Please reproduce the listing word for word. Pictures stay out.

Input for this task -
--------------------------------

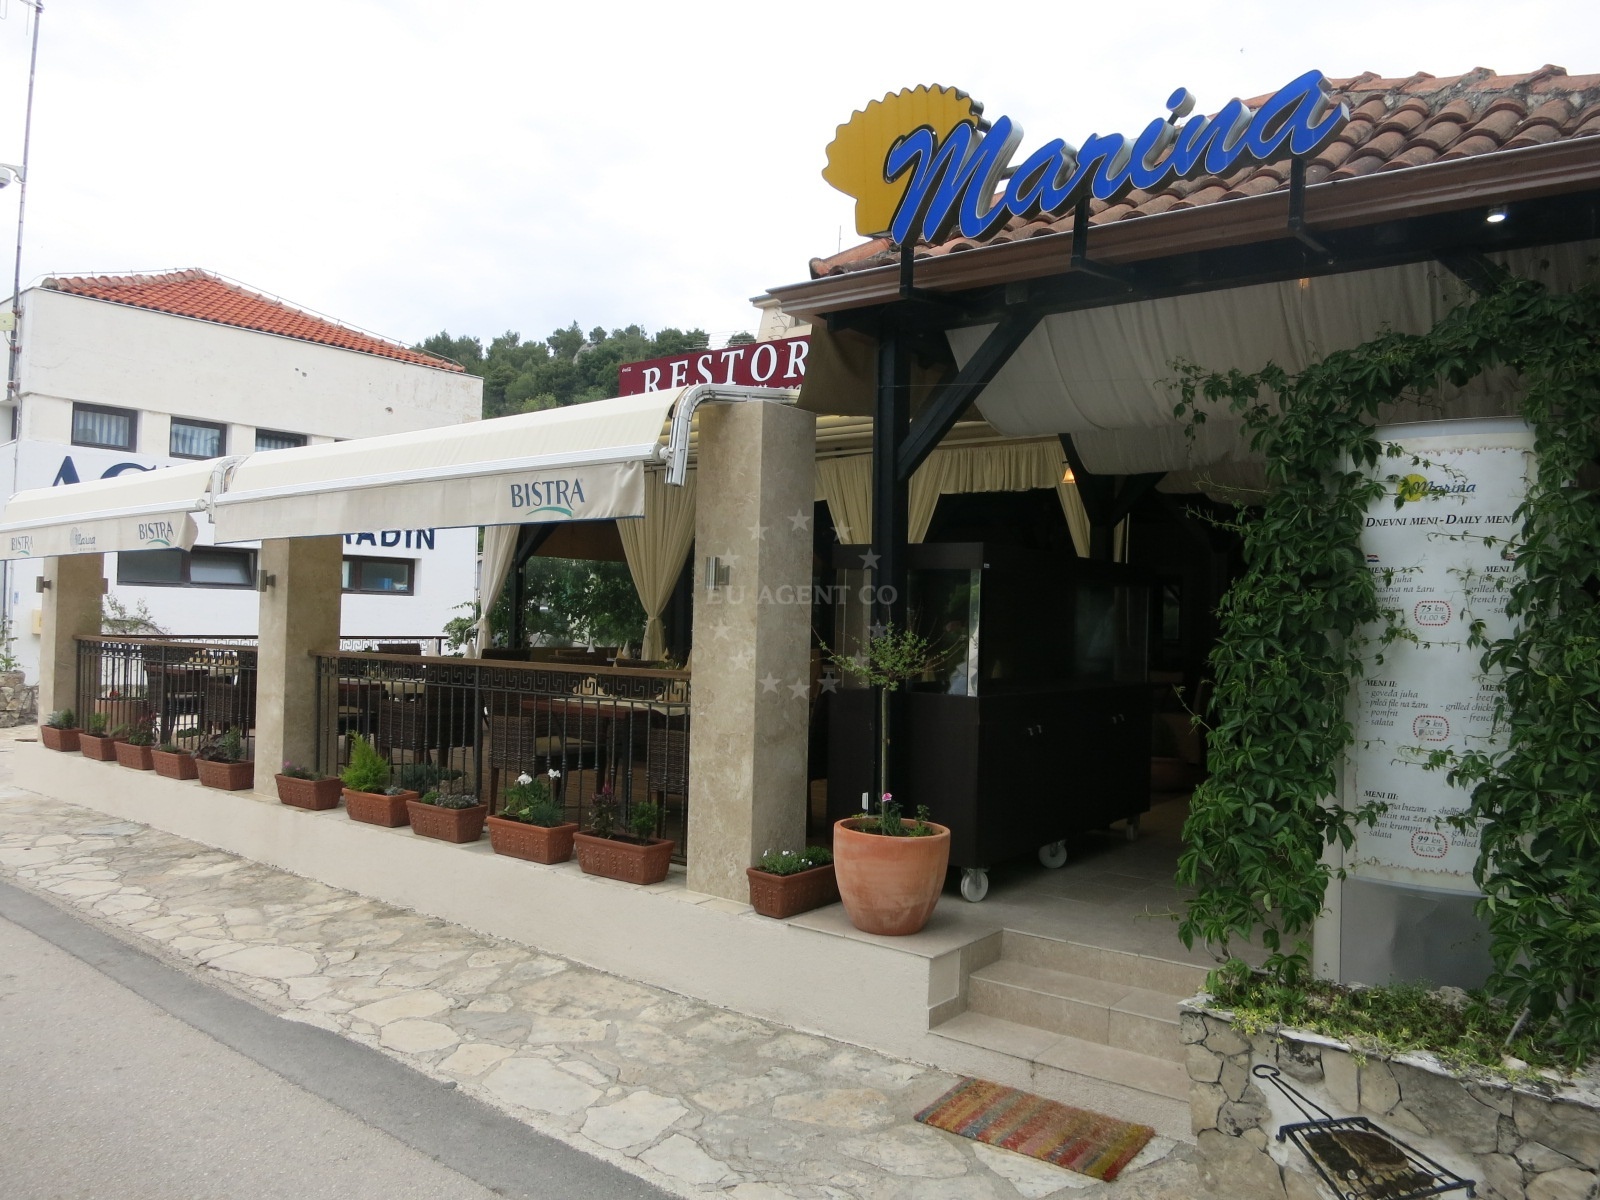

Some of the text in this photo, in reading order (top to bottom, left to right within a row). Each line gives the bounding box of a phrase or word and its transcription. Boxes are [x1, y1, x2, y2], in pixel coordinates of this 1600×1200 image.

[885, 69, 1350, 246] Marina
[510, 478, 585, 510] BISTRA
[1365, 517, 1407, 528] DNEVNI
[138, 521, 174, 542] BISTRA
[11, 535, 34, 551] BISTRA
[1367, 566, 1389, 574] MEN
[1484, 565, 1511, 573] MENI
[1375, 594, 1400, 605] omfrit
[1470, 595, 1511, 605] french fri
[1421, 604, 1444, 613] 75 kn
[1480, 684, 1504, 692] MEN
[1400, 690, 1419, 699] juha
[1476, 692, 1495, 703] beef
[1445, 702, 1470, 712] grilled
[1471, 703, 1496, 712] chicke
[1370, 718, 1394, 727] salata
[1493, 722, 1512, 733] sala
[1363, 790, 1386, 799] MENI
[1369, 829, 1393, 839] salata
[1452, 829, 1479, 839] grlled
[1417, 835, 1442, 844] 99 kn
[1451, 838, 1477, 848] boiled
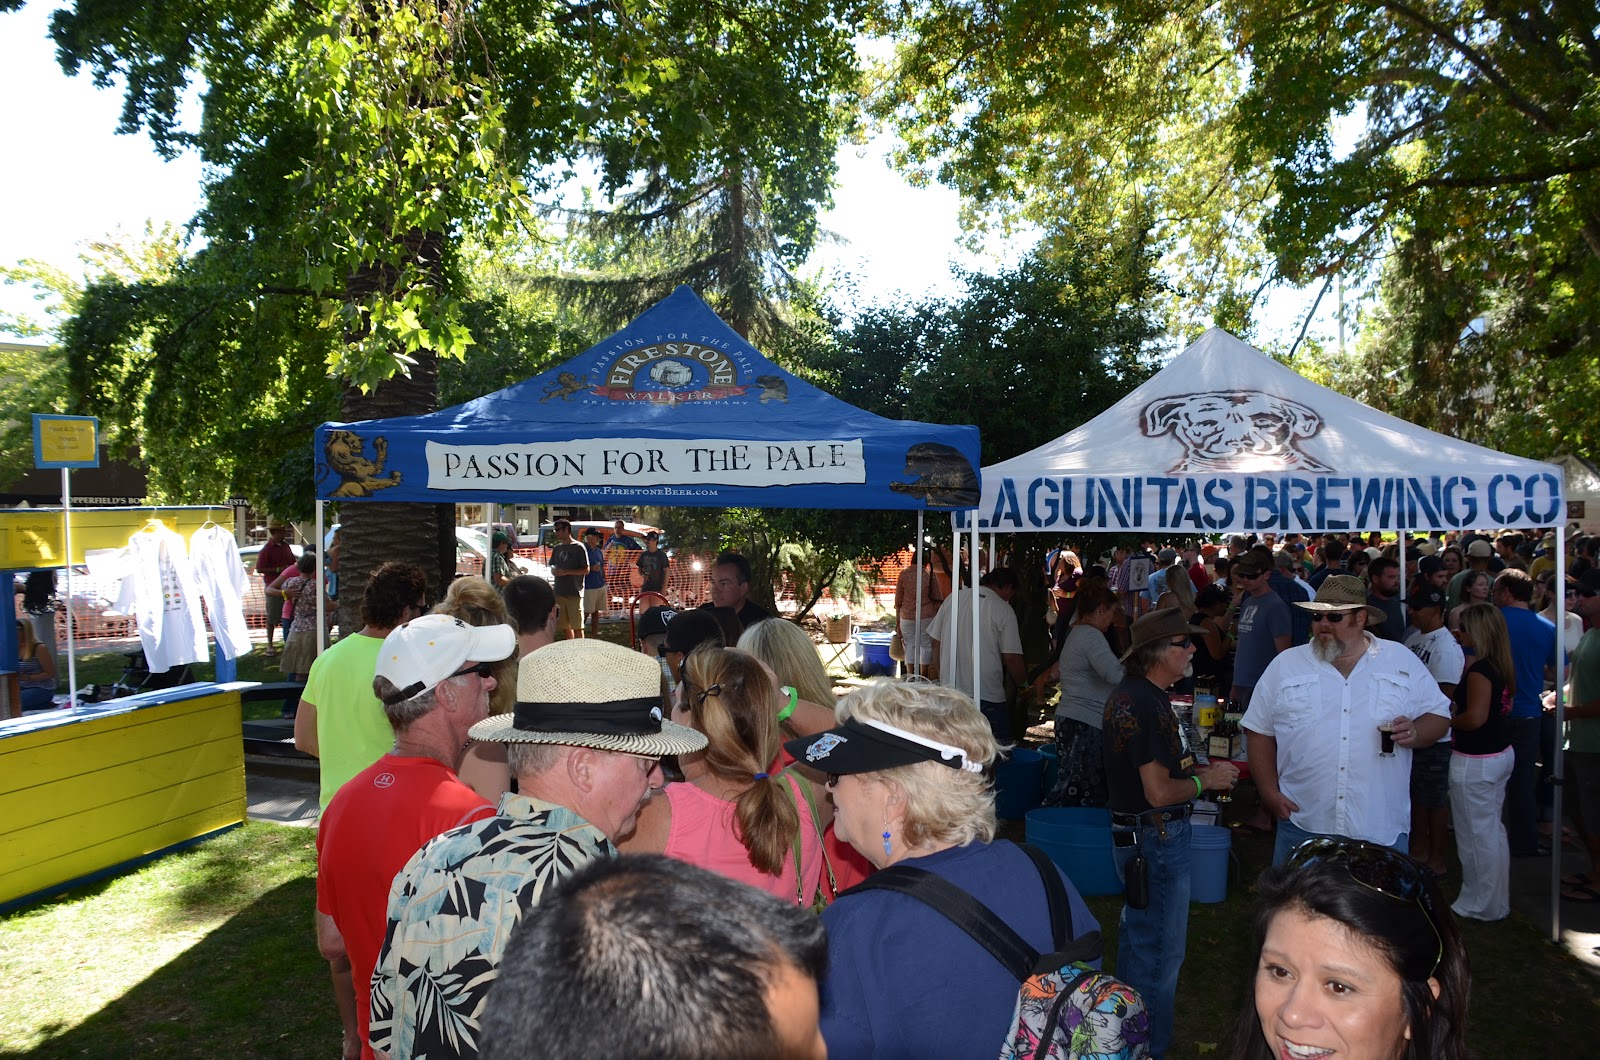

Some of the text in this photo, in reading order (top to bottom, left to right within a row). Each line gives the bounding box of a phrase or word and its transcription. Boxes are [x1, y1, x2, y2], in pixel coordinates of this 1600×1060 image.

[591, 333, 753, 375] PASSION FOR THE PALE
[610, 343, 733, 385] FIRESTONE
[624, 392, 713, 400] WALKER
[444, 444, 846, 479] PASSION FOR THE PALE
[60, 496, 126, 504] OPPERFIELD'S
[1244, 475, 1478, 530] BREWING
[1487, 473, 1560, 525] CO
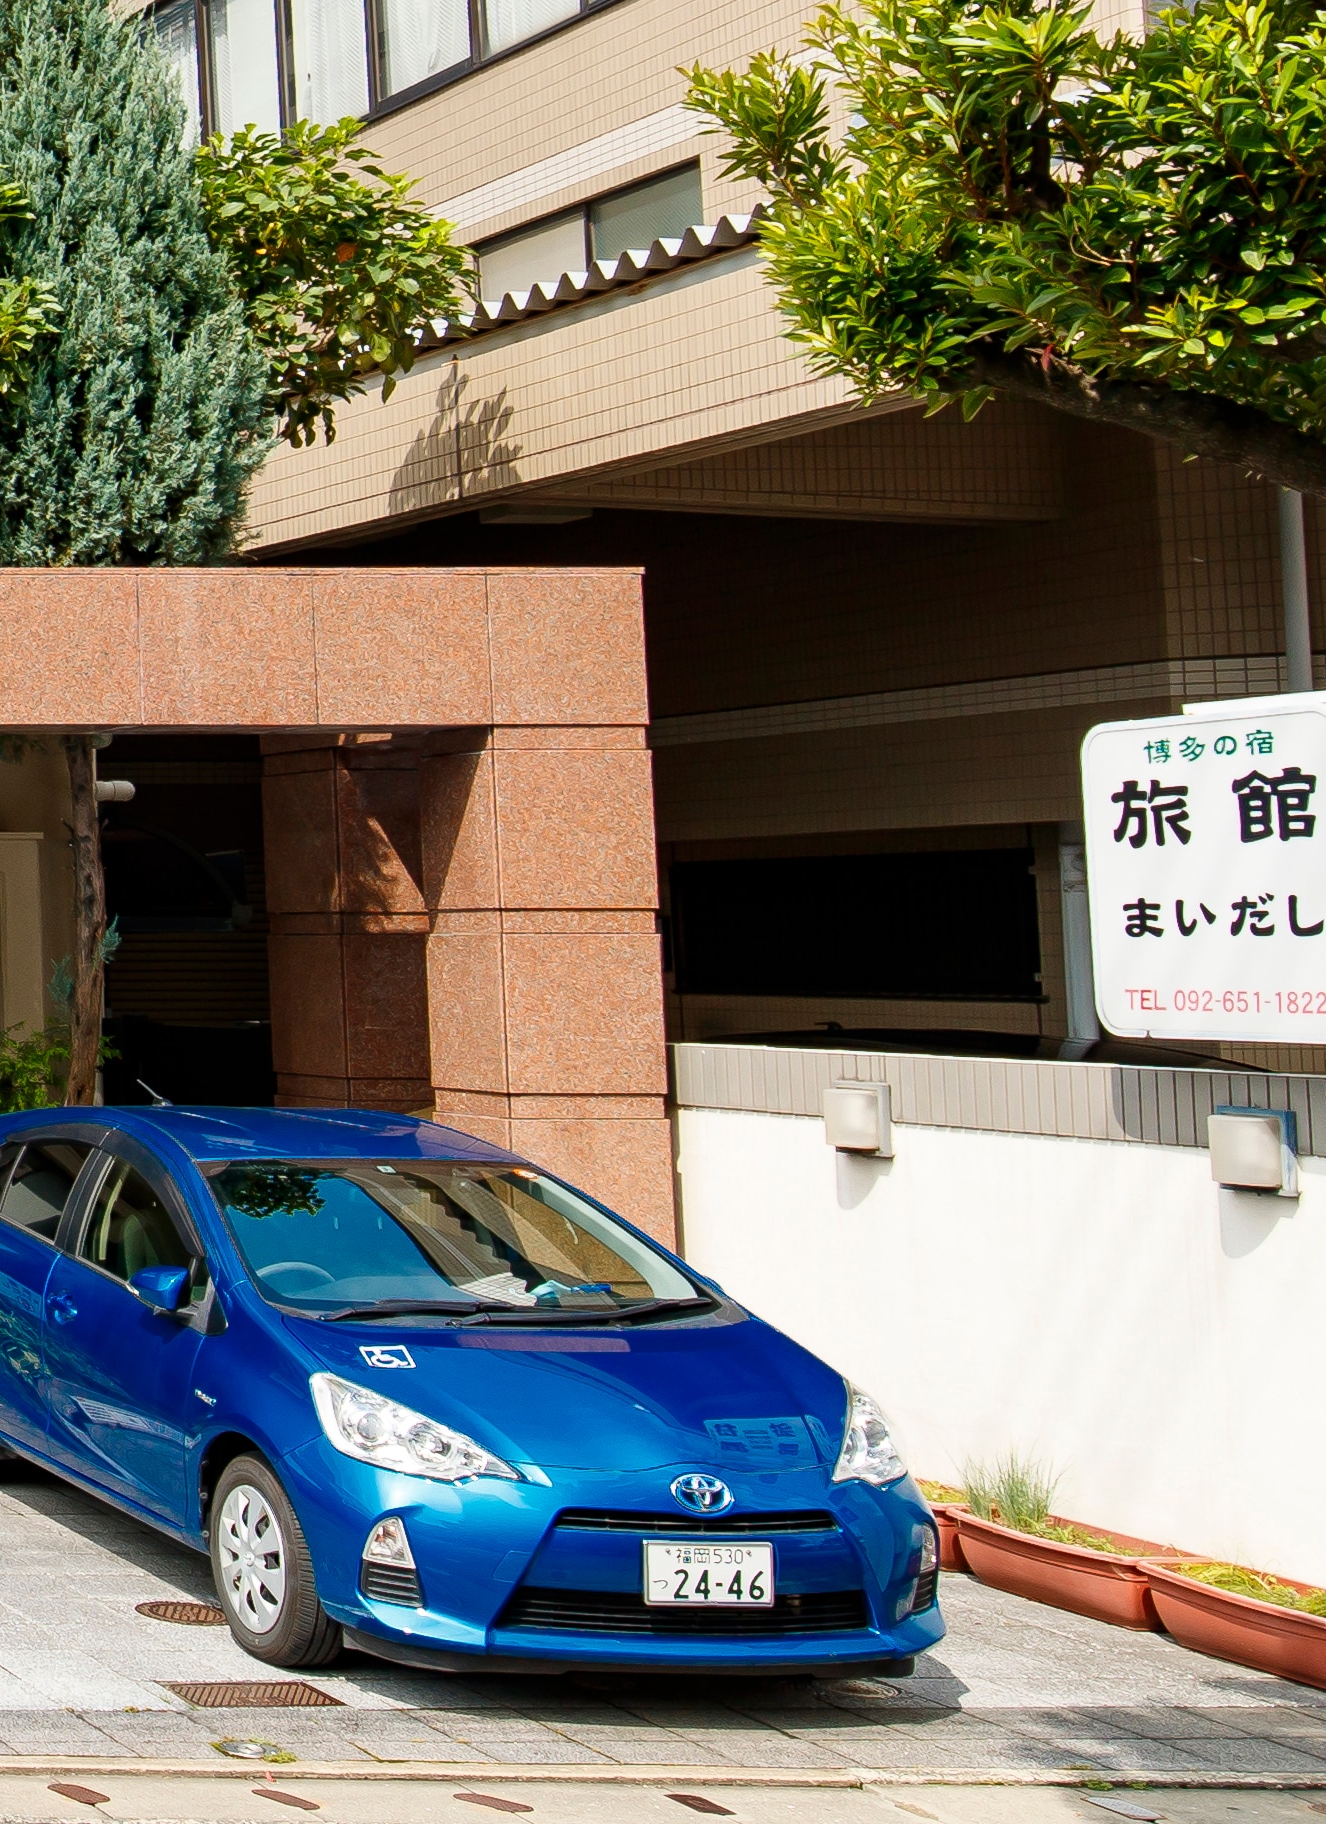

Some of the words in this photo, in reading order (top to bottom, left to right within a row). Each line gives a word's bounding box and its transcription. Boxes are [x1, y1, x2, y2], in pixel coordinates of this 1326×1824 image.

--------------------------------

Solution to the exercise -
Some of the text in this photo, in reading order (top to bottom, left to right within a row). Each line gives the bounding box of a phrase or word and its transcription. Boxes are [x1, y1, x2, y2], in pixel coordinates of this 1600×1200 image.

[885, 69, 1350, 246] Marina
[510, 478, 585, 510] BISTRA
[1365, 517, 1407, 528] DNEVNI
[138, 521, 174, 542] BISTRA
[11, 535, 34, 551] BISTRA
[1367, 566, 1389, 574] MEN
[1484, 565, 1511, 573] MENI
[1375, 594, 1400, 605] omfrit
[1470, 595, 1511, 605] french fri
[1421, 604, 1444, 613] 75 kn
[1480, 684, 1504, 692] MEN
[1400, 690, 1419, 699] juha
[1476, 692, 1495, 703] beef
[1445, 702, 1470, 712] grilled
[1471, 703, 1496, 712] chicke
[1370, 718, 1394, 727] salata
[1493, 722, 1512, 733] sala
[1363, 790, 1386, 799] MENI
[1369, 829, 1393, 839] salata
[1452, 829, 1479, 839] grlled
[1417, 835, 1442, 844] 99 kn
[1451, 838, 1477, 848] boiled

Some of the text in this photo, in reading order (top to bottom, left to right within a row). Each line gives the bounding box of a phrase or word and its transcription. Boxes are [x1, y1, x2, y2], in pixel coordinates of this 1600×1060 image.

[591, 333, 753, 375] PASSION FOR THE PALE
[610, 343, 733, 385] FIRESTONE
[624, 392, 713, 400] WALKER
[444, 444, 846, 479] PASSION FOR THE PALE
[60, 496, 126, 504] OPPERFIELD'S
[1244, 475, 1478, 530] BREWING
[1487, 473, 1560, 525] CO

Some of the words in this photo, in reading order (top to bottom, left to right within a row). Each line gives a word's bounding box and its transcription. Boxes are [x1, y1, x2, y2], in pixel coordinates of this 1326×1824 image.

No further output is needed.